I found a story that made me laugh & I was certain I had used it before but I've searched thoroughly & can't find it so, fingers crossed, here goes...
I suspect I'm becoming paranoid!!
I enjoyed the Washington Post article.
Hi Pen,
Just because they are all out to get you doesn’t prove you are paranoid.
Your memory is good, Pen, you used it on 24 July 2019 but it was hard to track down. While doing so I came across a number of our better efforts. It prompted me to think we should have a competition for publishing the best story from our previous posts.
I can’t get into the
Washington Post. They have barred me unless I take out a subscription but from a 3rd party source here is some more of their annual awards.
FOR LEXOPHILES (LOVERS OF WORDS):
1. A bicycle can't stand alone; it is two tired.
2. A will is a dead giveaway.
3. Time flies like an arrow; fruit flies like bananas.
4. A backward poet writes inverse.
5. In a democracy, it's your vote that counts; in feudalism, it's your Count that votes.
6. A chicken crossing the road: poultry in motion.
7. If you don't pay your exorcist, you can get repossessed.
8. With her marriage she got a new name and a dress.
9. Show me a piano falling down a mine shaft, and I'll show you A-flat miner.
10. When a clock is hungry, it goes back four seconds.
11. The guy who fell into an upholstery machine was fully recovered.
12. A grenade fell onto a kitchen floor in France resulted in Linoleum Blown apart.
13. You are stuck with your debt, if you can't budge it.

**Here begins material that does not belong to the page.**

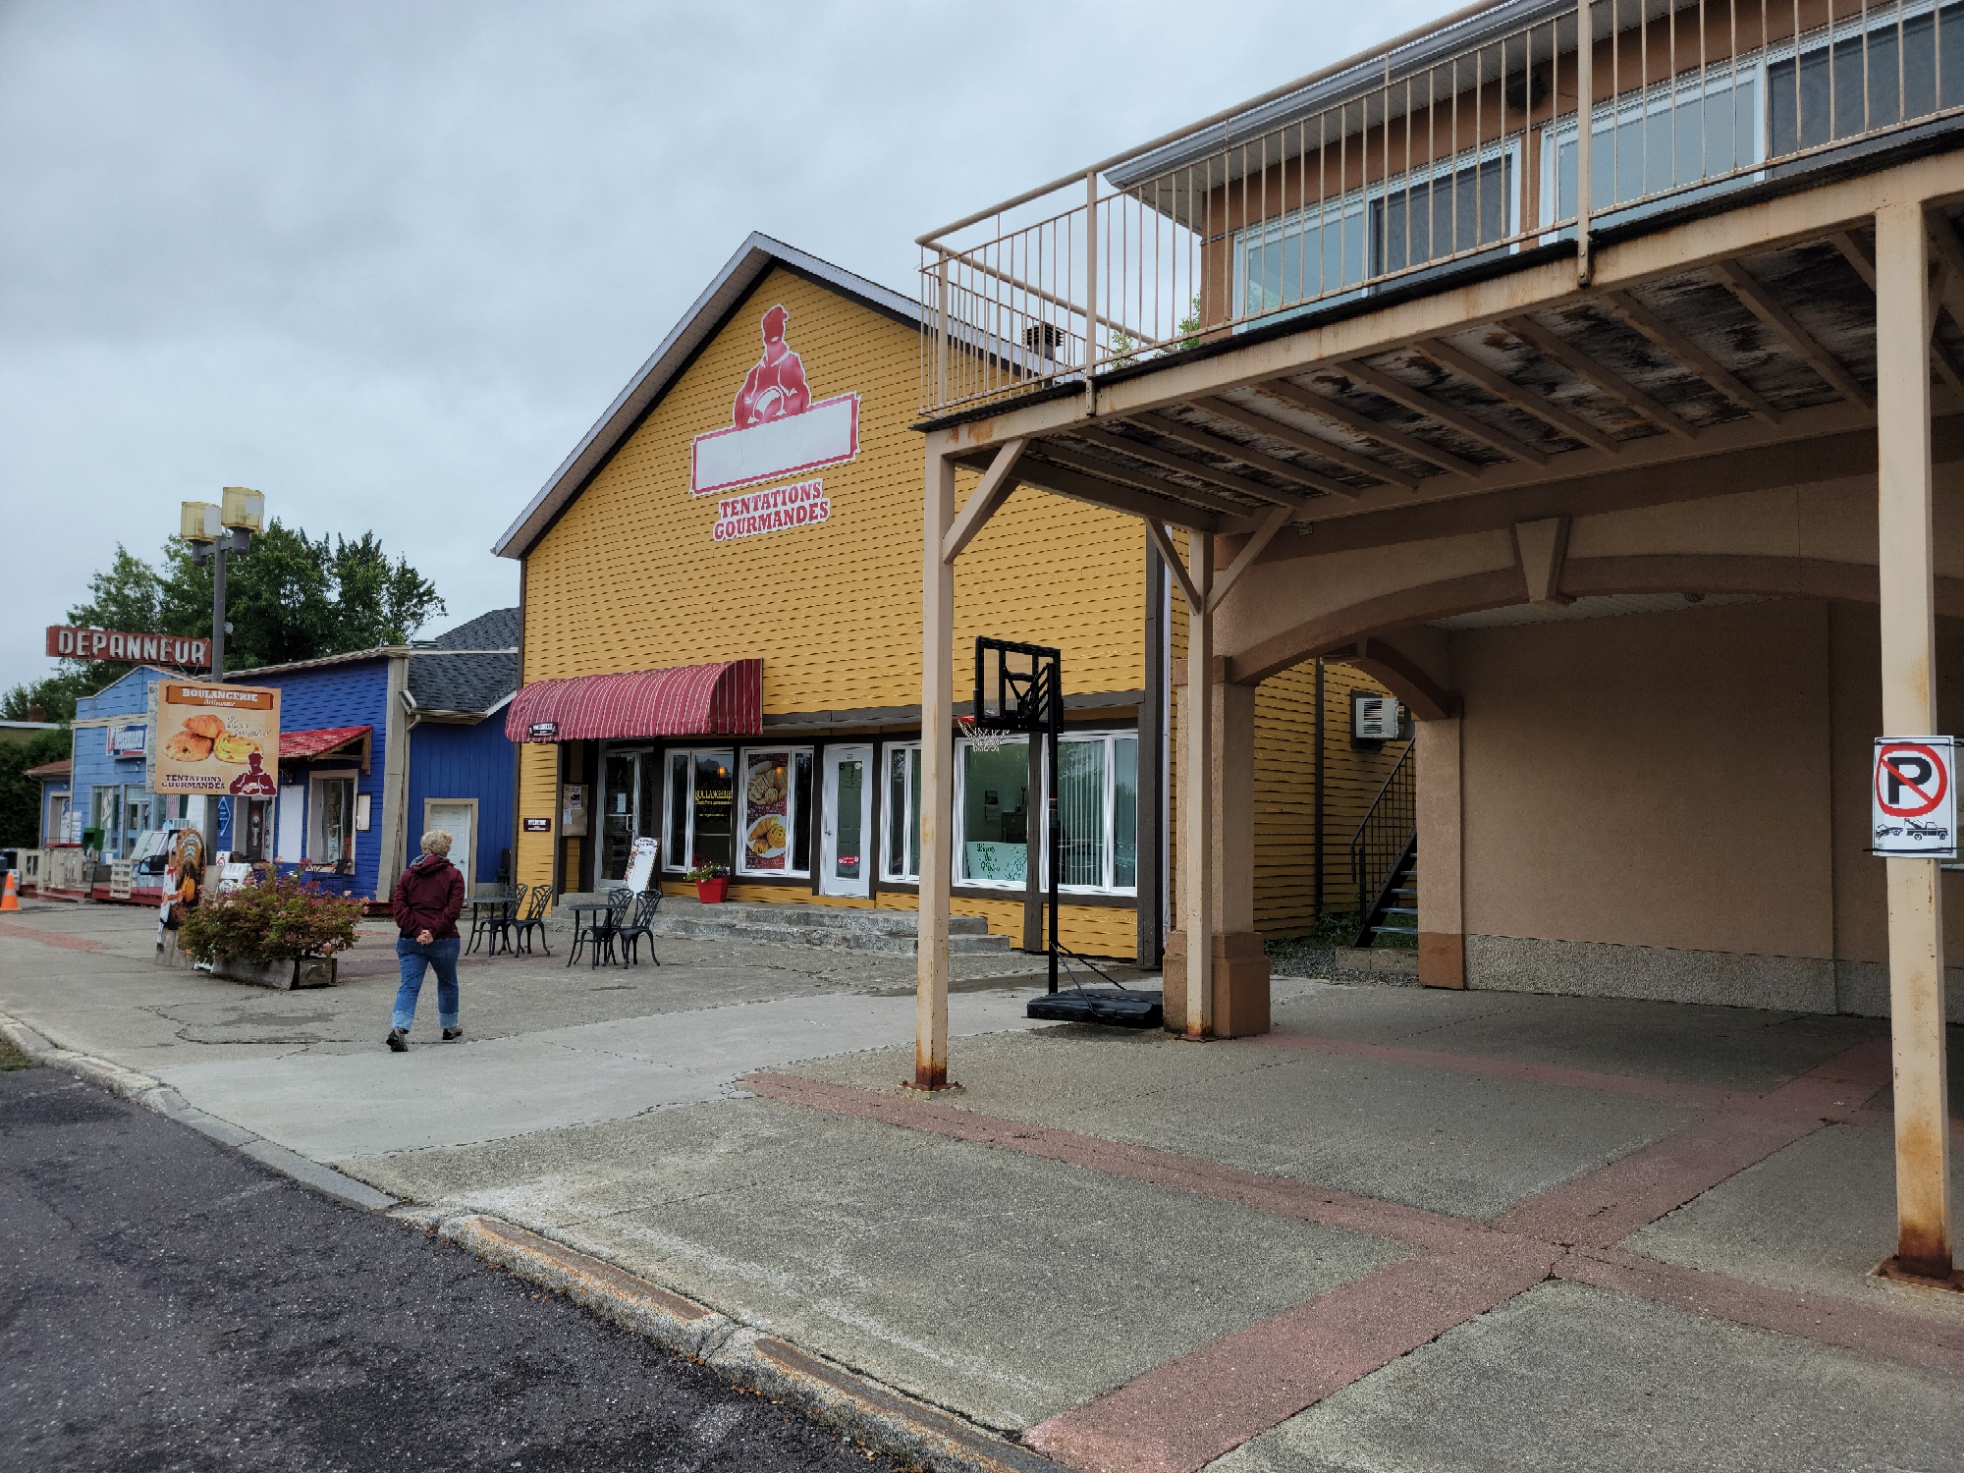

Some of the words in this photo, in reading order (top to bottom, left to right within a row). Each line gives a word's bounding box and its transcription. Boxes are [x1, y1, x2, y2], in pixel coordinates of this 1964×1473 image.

14. Local Area Network in Australia : The LAN down under.
15. He broke into song because he couldn't find the key.
16. A calendar's days are numbered.
17. A lot of money is tainted: 'Taint yours, and 'taint mine.
18. A boiled egg is hard to beat.
19. He had a photographic memory, which was never developed.
20. A plateau is a high form of flattery.
21. The short fortuneteller who escaped from prison: a small medium at large.
22. Those who get too big for their britches will be exposed in the end.
23. When you've seen one shopping center, you've seen a mall.
24. If you jump off a Paris bridge, you are in Seine
25. When she saw her first strands of gray hair, she thought ? She'd dye.
26. Bakers trade bread recipes on a knead to know basis.
27. Santa's helpers are subordinate clauses.
28. Acupuncture: a jab well done.
29. Marathon runners with bad shoes suffer the agony of de feet.
Note: No trees were killed in the sending of this message, but a large number of electrons were terribly inconvenienced.